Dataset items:
BEGIN
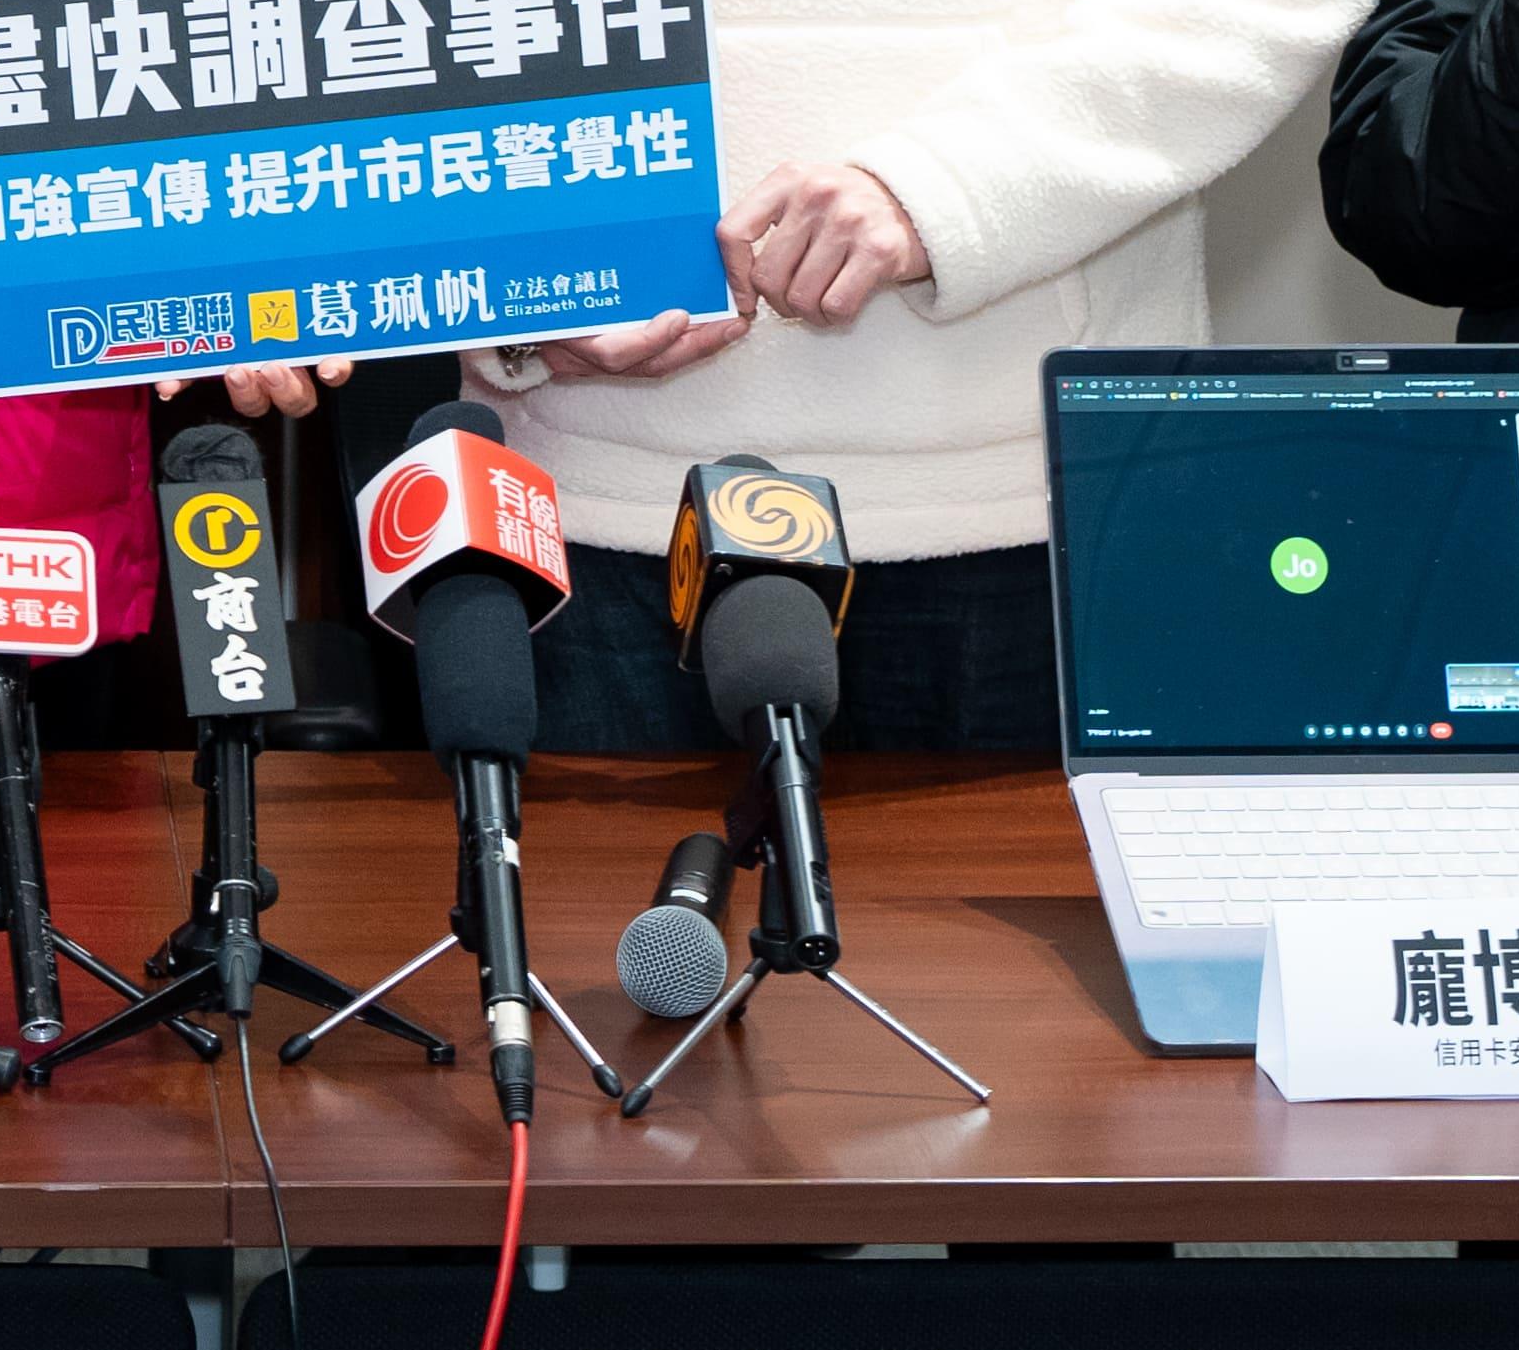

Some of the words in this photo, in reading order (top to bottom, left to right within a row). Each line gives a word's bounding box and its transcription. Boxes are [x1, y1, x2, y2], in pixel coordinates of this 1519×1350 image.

[228, 109, 693, 218] 提升市民警覺性
[107, 292, 234, 341] 民建聯
[303, 267, 495, 338] 葛珮帆
[504, 268, 619, 300] 立法會議員
[505, 299, 578, 317] Elizabeth
[583, 295, 621, 310] Quat
[170, 336, 235, 355] DAB
[1283, 552, 1317, 579] Jo
[192, 571, 267, 702] 商台
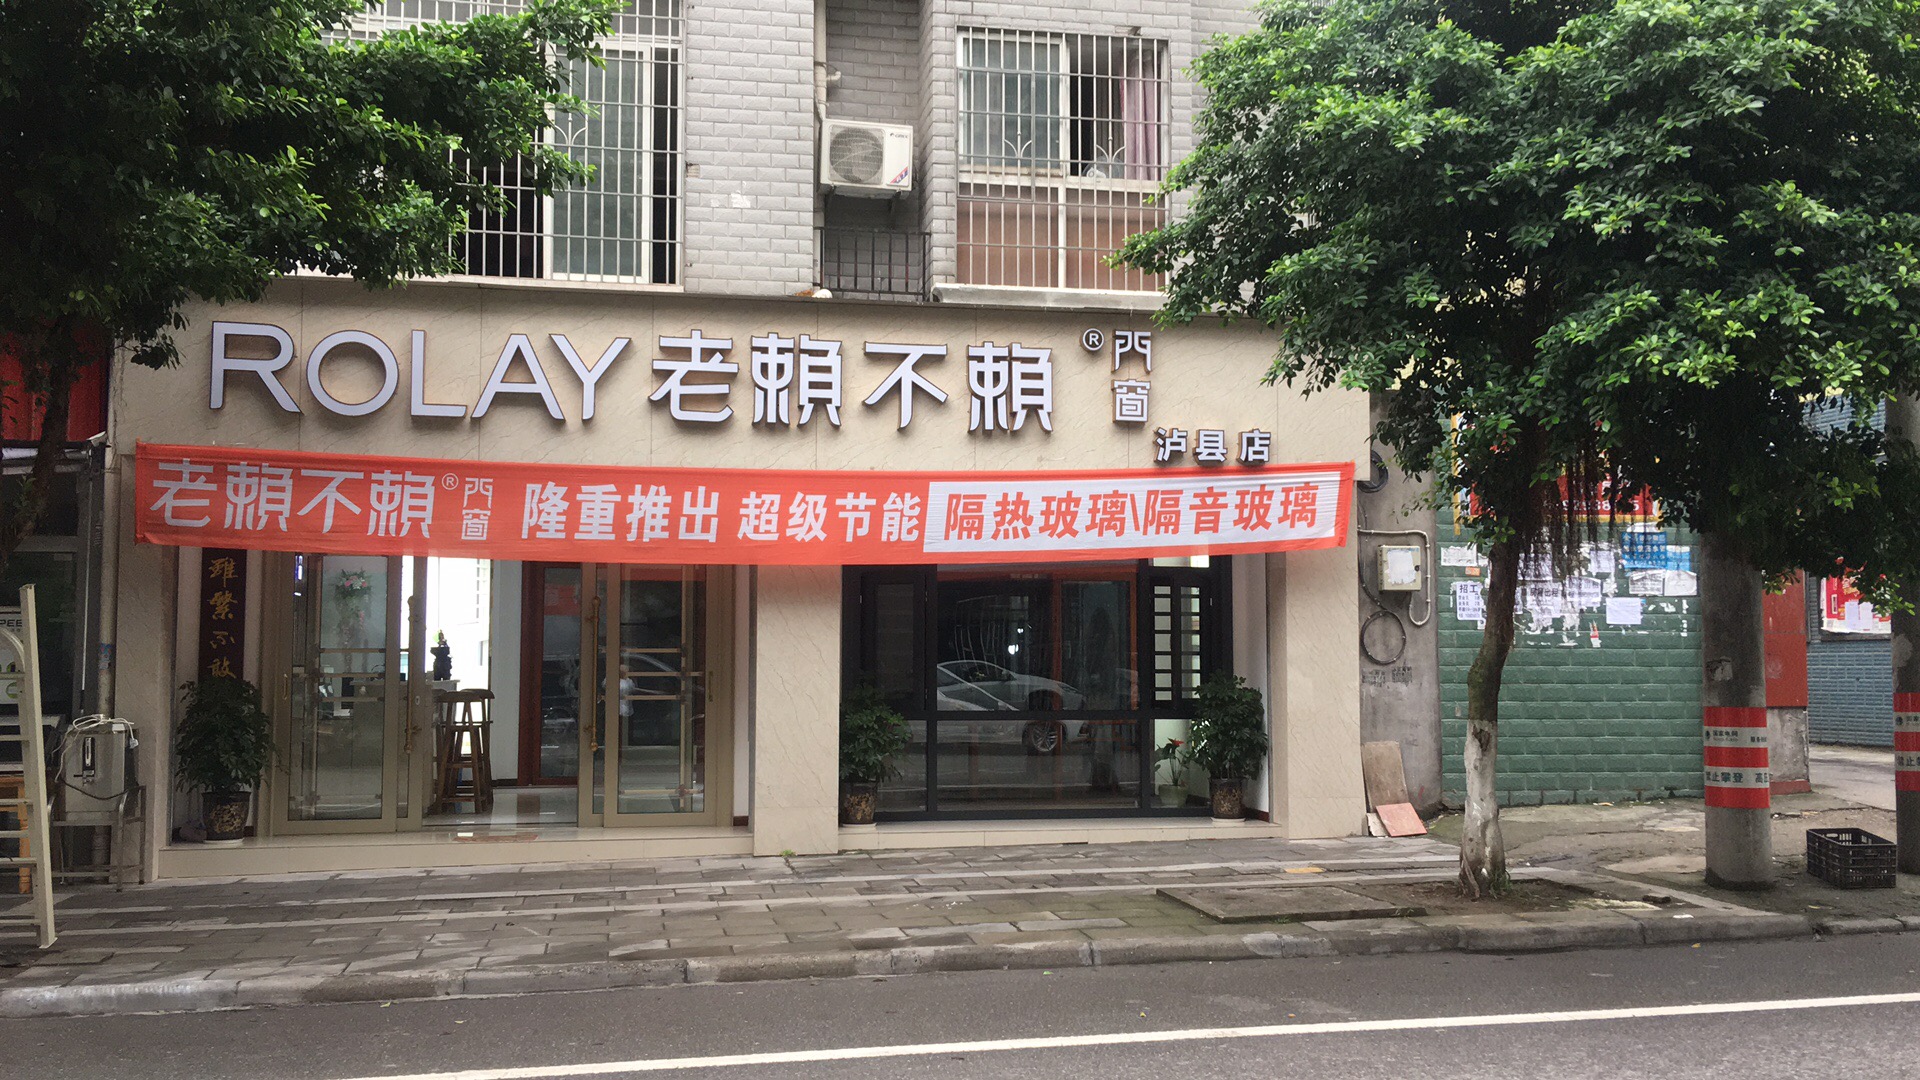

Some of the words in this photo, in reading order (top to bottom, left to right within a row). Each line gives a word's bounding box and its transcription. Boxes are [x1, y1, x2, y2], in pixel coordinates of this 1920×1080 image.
END
# THE PROBLEM
Word-for-word output of every record is needed, with images omitted.

# OUTPUT OF THE TASK
Some of the words in this photo, in reading order (top to bottom, left to right within a row). Each line gives a word's bounding box and its transcription. Boxes are [x1, y1, x2, y2], in pixel coordinates of this 1519×1350 image.

[228, 109, 693, 218] 提升市民警覺性
[107, 292, 234, 341] 民建聯
[303, 267, 495, 338] 葛珮帆
[504, 268, 619, 300] 立法會議員
[505, 299, 578, 317] Elizabeth
[583, 295, 621, 310] Quat
[170, 336, 235, 355] DAB
[1283, 552, 1317, 579] Jo
[192, 571, 267, 702] 商台

Some of the words in this photo, in reading order (top to bottom, left to right within a row). Each line gives a word's bounding box and its transcription. Boxes are [x1, y1, x2, y2], in pixel coordinates of this 1920×1080 image.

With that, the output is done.